British Psychological Society award for book that redefines understandings of mental health and distressThe British Psychological Society (BPS) has named a textbook co-authored by LSBU's Professor Paula Reavey as Book of the Year 2014
'Psychology, Mental Health and Distress' is the first mainstream textbook that challenges preconceptions about mental distress by examining the relationships between potential psychological, social and biological risk factors, rather than adding to traditional psychiatric or bio-medical explanations.
Professor Paula Reavey is currently Postgraduate Director in LSBU's Department of Psychology and defines herself as a social psychologist carrying out research with individuals experiencing mental distress, in hospital and in the community.

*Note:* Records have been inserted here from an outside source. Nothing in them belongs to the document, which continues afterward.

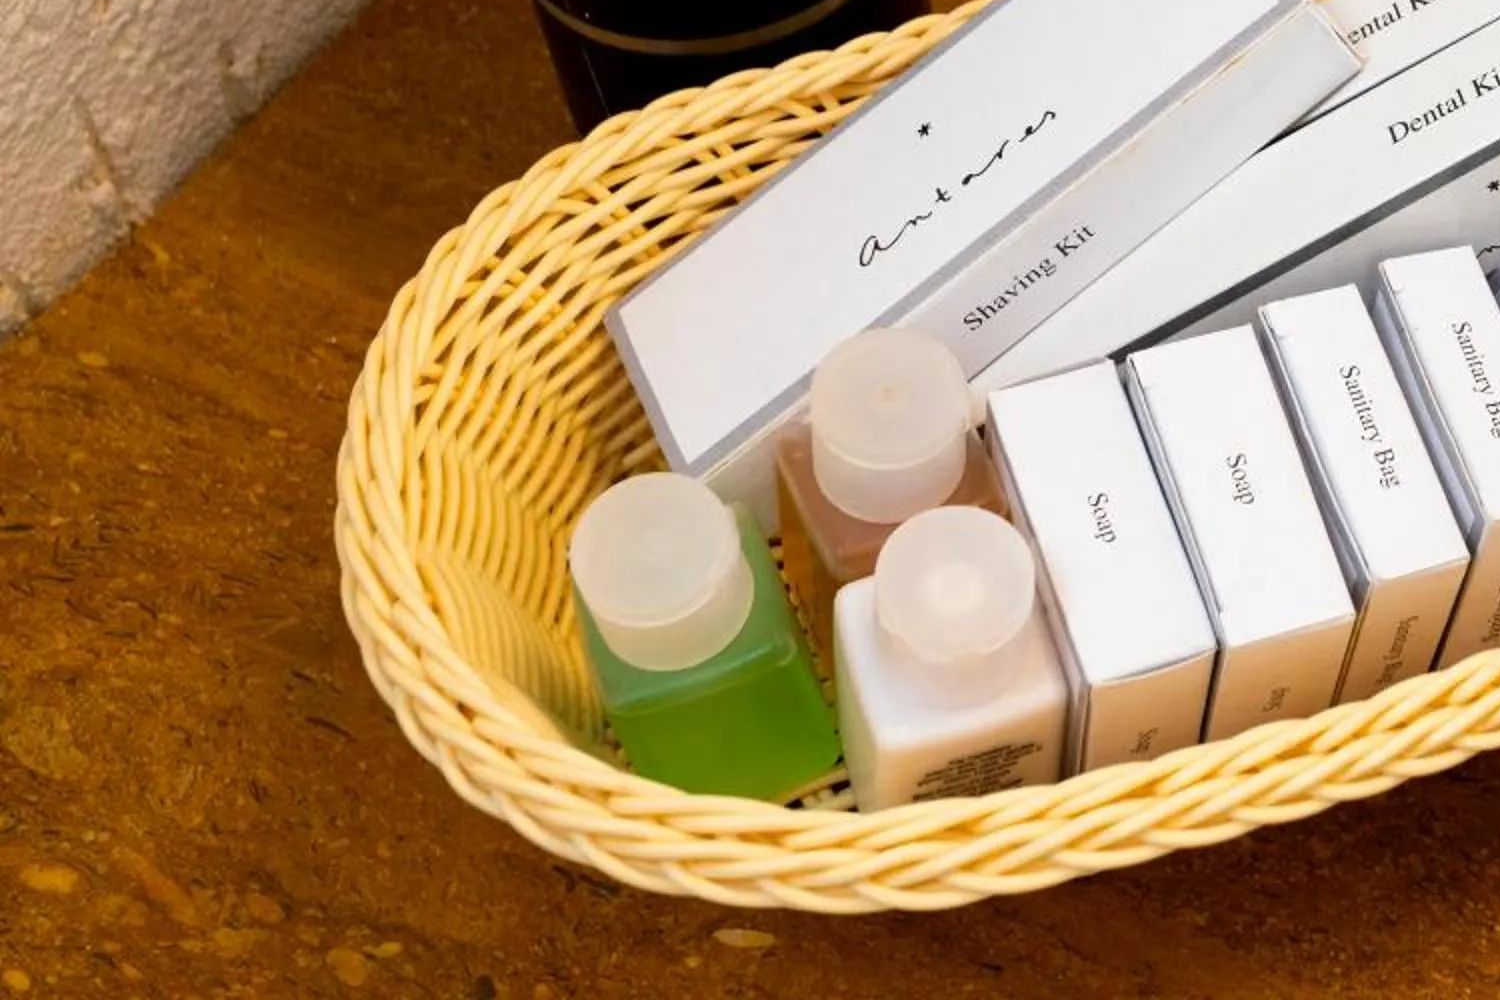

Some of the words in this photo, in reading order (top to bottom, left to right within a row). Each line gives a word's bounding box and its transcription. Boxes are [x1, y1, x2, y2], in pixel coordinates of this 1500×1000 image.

[1347, 2, 1404, 45] ental
[1387, 88, 1468, 145] Dental
[859, 110, 1056, 267] antares
[962, 257, 1056, 331] Shaving
[1055, 224, 1096, 258] Kit
[1452, 321, 1495, 397] Sanitary
[1339, 364, 1382, 445] Sanitary
[1374, 447, 1400, 489] Bag
[1226, 452, 1255, 506] Soap
[1087, 492, 1117, 544] Soap

The book was co-authored by Loughborough University's John Cromby, and David Harper at the University of East London and addresses among other things the link between mental distress and psychological and social factors, such as difficult life events in varying social and cultural contexts. This view challenges more traditional approaches that locate unusual experiences, such as 'hearing voices' in as yet undiscovered 'brain diseases'. The authors also explores how cultures and societies treat those who experience mental distress, with the book containing contributions by those who have used the system, the 'experts by experience' who continue to challenge traditional psychiatric theories and treatment.

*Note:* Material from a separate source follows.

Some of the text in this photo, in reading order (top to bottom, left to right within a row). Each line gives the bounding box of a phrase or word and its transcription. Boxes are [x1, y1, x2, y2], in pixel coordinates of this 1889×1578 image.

The BPS Book Award recognises excellent published work in psychology and is made jointly by the Research Board, Psychology Education Board and Professional Practice Board.
Professor Reavey commented: "I could not be happier to receive this award. Challenging the mainstream is always a little unnerving, and an awful lot of hard work, but it was certainly worth it. I hope this award will signal a shift in the way we look at the psychology of mental distress, that we will see the people behind the labels they are given, and that we will think more carefully about the relationship between psychosocial contexts and our bodies, brains and minds.

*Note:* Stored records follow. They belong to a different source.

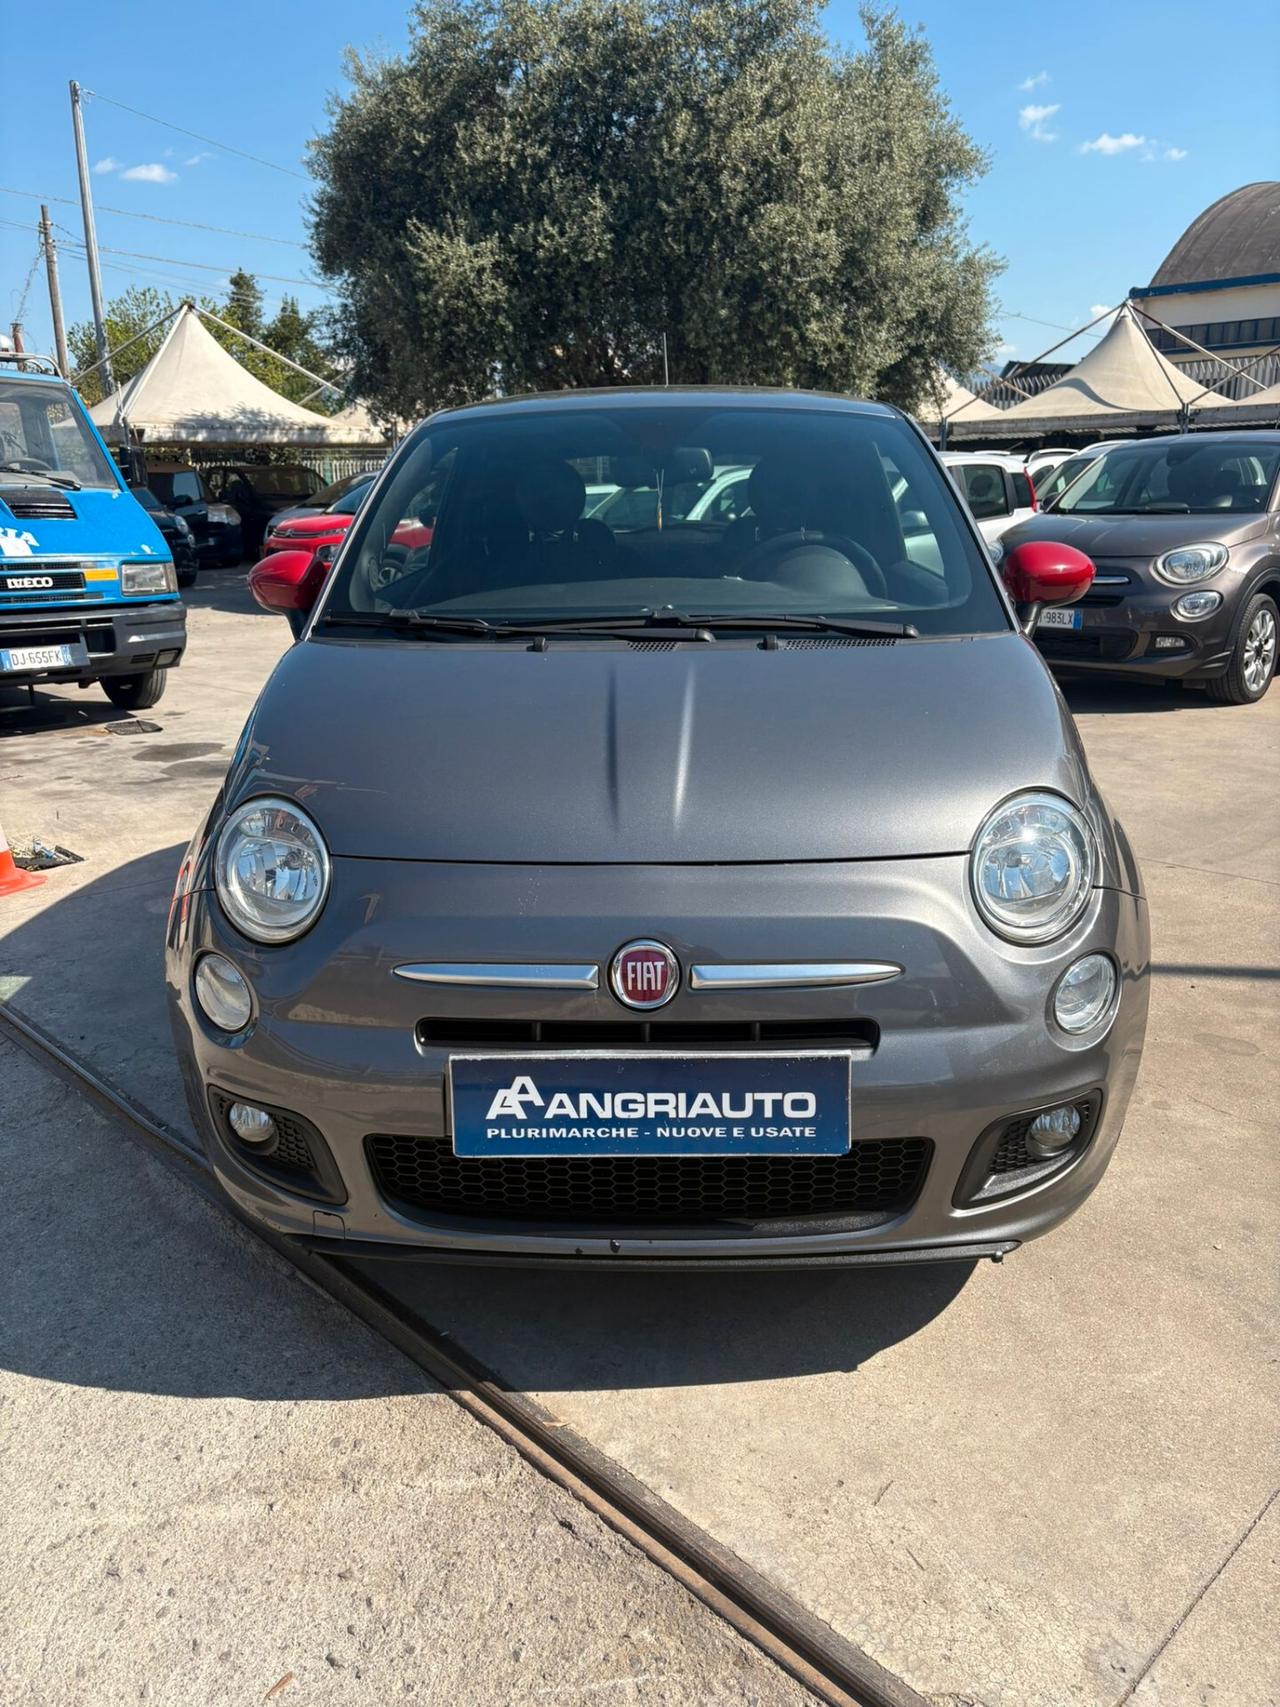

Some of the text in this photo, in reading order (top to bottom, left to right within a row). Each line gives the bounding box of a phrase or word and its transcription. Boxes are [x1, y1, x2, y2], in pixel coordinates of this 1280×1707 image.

[6, 577, 54, 589] IVECO
[627, 961, 665, 991] FIAT
[544, 1091, 817, 1119] ANGRIAUTO
[486, 1127, 639, 1139] PLURIMARCHE
[656, 1126, 728, 1138] NUOVE
[732, 1126, 745, 1138] E
[750, 1126, 817, 1138] USATE

"Along with my main collaborators, this book would not have been possible without the unique contribution from individuals who have been in the mental health system and continue to live with unusual and distressing experiences, day after day. These creative and resilient individuals are my greatest inspiration. Without their insight and wisdom, I am not sure where my thinking would have taken me.
"My students at LSBU also continue to push the boundaries of my thinking. Their wide and varied experiences of life from a diverse set of social and cultural backgrounds have truly expanded my understanding of the role played by context in relation to psychology and mental health. This book is dedicated to them, in recognition of the years I have had the privilege of working with such bright, brave and determined people."
As a recipient of the award, Professor Reavey has been invited to deliver a Book Award Lecture at the BPS annual conference on 6 May 2015.